Le blog de Julien Arbez
11/06/2019
La nyctale
J’ai eu la chance ce printemps de suivre pour la première fois une nichée de chouettes de tengmalm dans une hêtraie sapinière. Me voilà très heureux de vous faire part des moments forts vécus durant plusieurs semaines…
23 avril : Je me trouve au pied de l’arbre abritant la loge de pic noir utilisée il y a deux ans par un couple de nyctales de tengmalm, ces petites chouettes de montagnes discrètes et nocturnes. Comme il y a deux ans, je gratte le tronc au pied de la loge pour savoir si elle est habitée. Ces chouettes sont assez rares et difficiles à localiser, ce serait une sacrée surprise ! Décidément c’est un jour de chance. La petite chouette sort de sa cavité et baisse la tête pour identifier le faiseur de trouble. Cette année comme il y a deux ans, la loge est habitée !
20 mai : Un mois plus tard, et après plusieurs allées et venues dans le bois, je reviens au pied du grand hêtre pour prendre des nouvelles des petites chouettes. Les adultes ne sont plus là, et pour cause ! Les jeunes sont tellement serrés dans la loge qu’ils ont du mal à parvenir chacun en même temps à la fenêtre. A la tombée de la nuit, je sais qu’ils sont au moins trois !
21 mai : Un jeune reste régulièrement à l’entrée du trou, même en plein jour. Je ne vois pas les autres têtes apparaitre, mais je sais qu’elles sont là ! A la tombée de la nuit, un adulte arrive du fond de la forêt, infiniment silencieusement. Il tient dans ses serres un petit campagnol roux et se perche sur une grande branche horizontale à un mètre environ de l’entrée du trou. Il appelle, appelle. Le message est clair : le petit est invité à faire le grand saut.
Je rentre à la nuit noire car je ne discerne plus les ombres mouvantes des oiseaux. Ce soir, j’ai vu un adulte avec une proie ! C’est la première fois que ça m’arrive, je suis heureux, fier, et motivé pour revenir !
22 mai : Quand j’arrive devant la loge, je vois une jeune chouette couleur chocolat pointer son regard endormi. Je m’assieds, j’attends, j’écoute. Ce n’est qu’une demi-heure après que j’entends des cris d’alerte des passereaux alentours. Voilà qui me met la puce à l’oreille. Je me lève, me dirige aussitôt vers les cris, cherche dans les sapins. Elle est là ! La plus grandes des petites chouettes a pris son envol la nuit dernière !
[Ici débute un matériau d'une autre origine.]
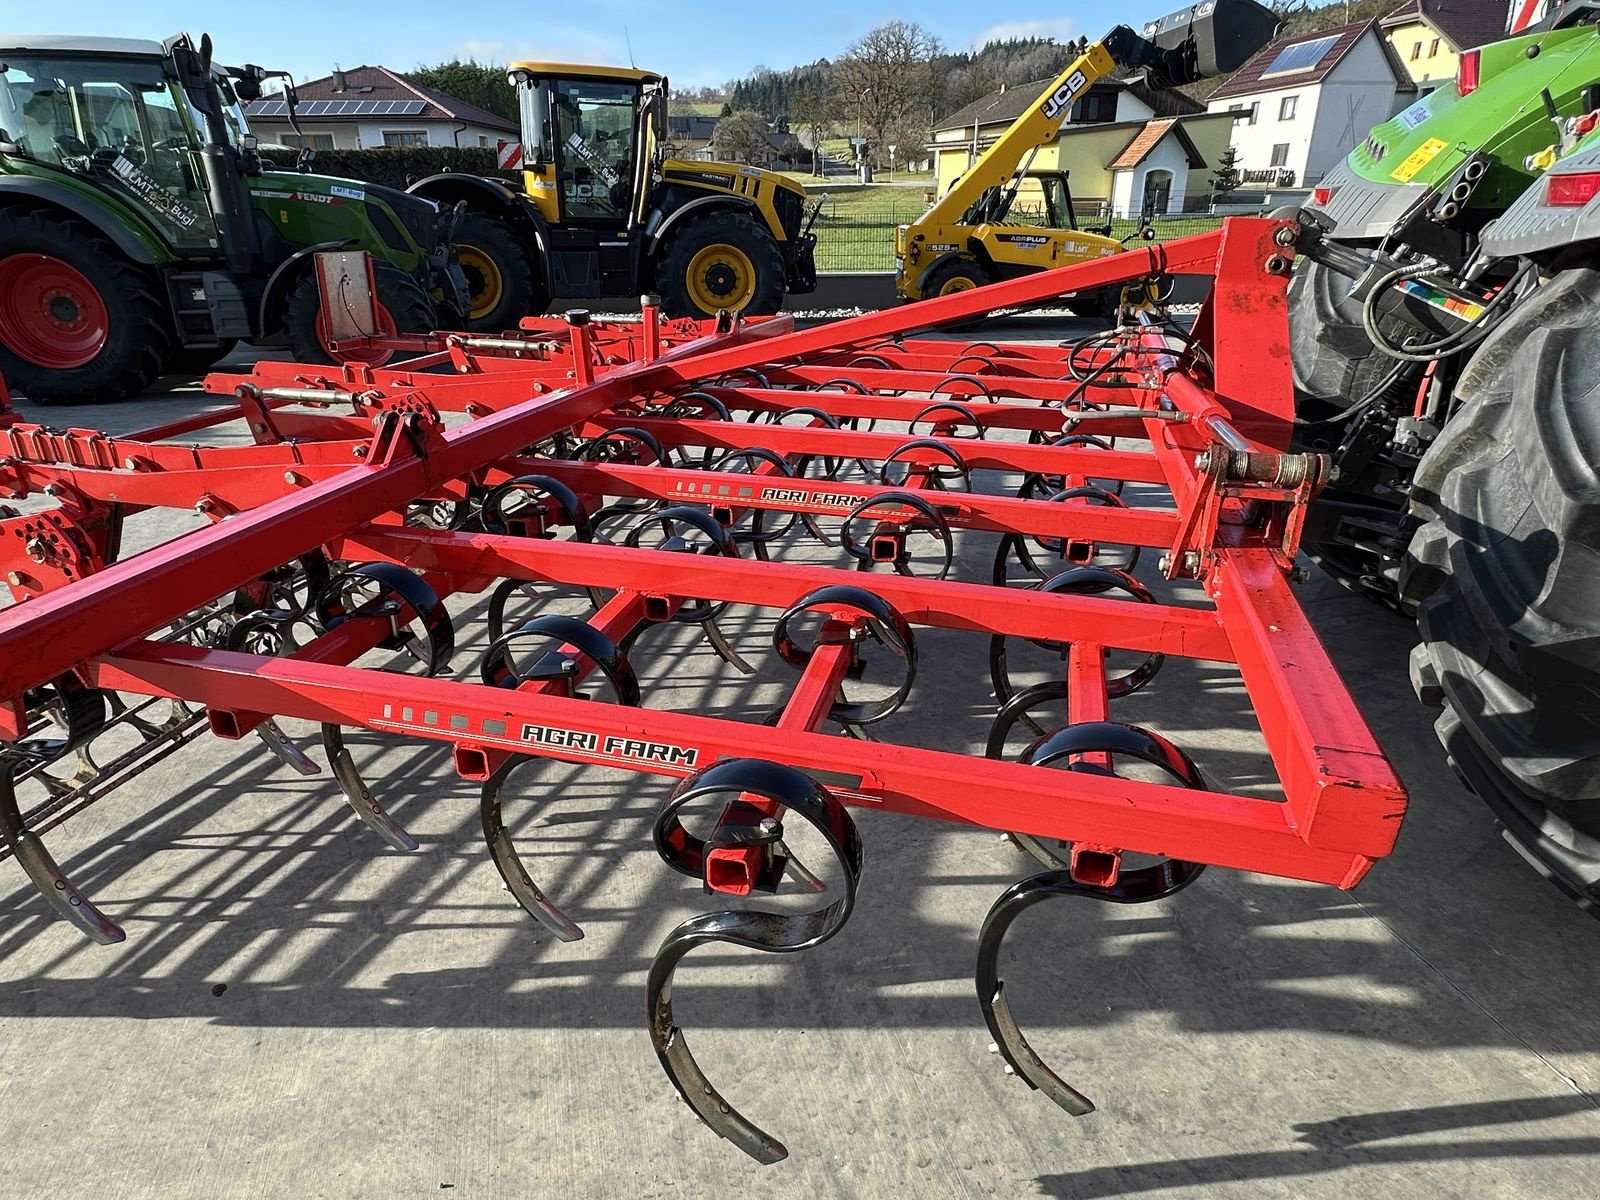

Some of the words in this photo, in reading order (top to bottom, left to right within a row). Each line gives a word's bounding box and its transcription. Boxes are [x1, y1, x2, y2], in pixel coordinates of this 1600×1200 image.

[1045, 71, 1086, 118] JCB
[577, 144, 593, 160] LMT
[296, 191, 334, 204] FENDT
[565, 184, 608, 198] JCB
[128, 174, 154, 193] LMT
[170, 205, 196, 227] Bugl
[762, 487, 809, 503] AGRI
[522, 724, 598, 751] AGRI
[604, 736, 699, 766] FARM
Je tourne autour du sapin, cherche la bonne lumière, le bon angle, le bon moment. Ces chouettes étant assez peu farouches et celle-ci étant encore trop jeune pour voler correctement, mes déplacements sont facilités, nul besoin de me faire discret…
Le soir, je reviens auprès de l’arbre, m’installe au pied de la loge, attends le passage d’un adulte. Bingo ! Au crépuscule, un adulte vient déposer dans la loge une proie que je n’ai pas le temps d’identifier. Puis il vient se poser à quelques mètres à peine, à moins de deux mètres de haut, sur la branche basse d’un sapin rabougri. Il est 21h17. La lumière est tellement faible que la photo est sombre malgré des réglages et un matériel adapté. Mais peu importe ! Le voyage continue !
24 mai : Je suis revenu deux fois retrouver mes petites chouettes de tengmalm. J’ai trouvé un second jeune dans un arbre, mais mal placé pour réussir à le photographier correctement. Il y a donc au moins deux jeunes dehors ! Dans la loge, le regard qui semble être le même m’observe nonchalamment. Il reste encore au moins un individu dedans. Je profite de la belle lumière pour me cacher au pied d’une autre loge, habitée par les pics noirs. Durant une demi-heure je me concentre sur eux, attends avec impatience le nourrissage par les adultes avec succès.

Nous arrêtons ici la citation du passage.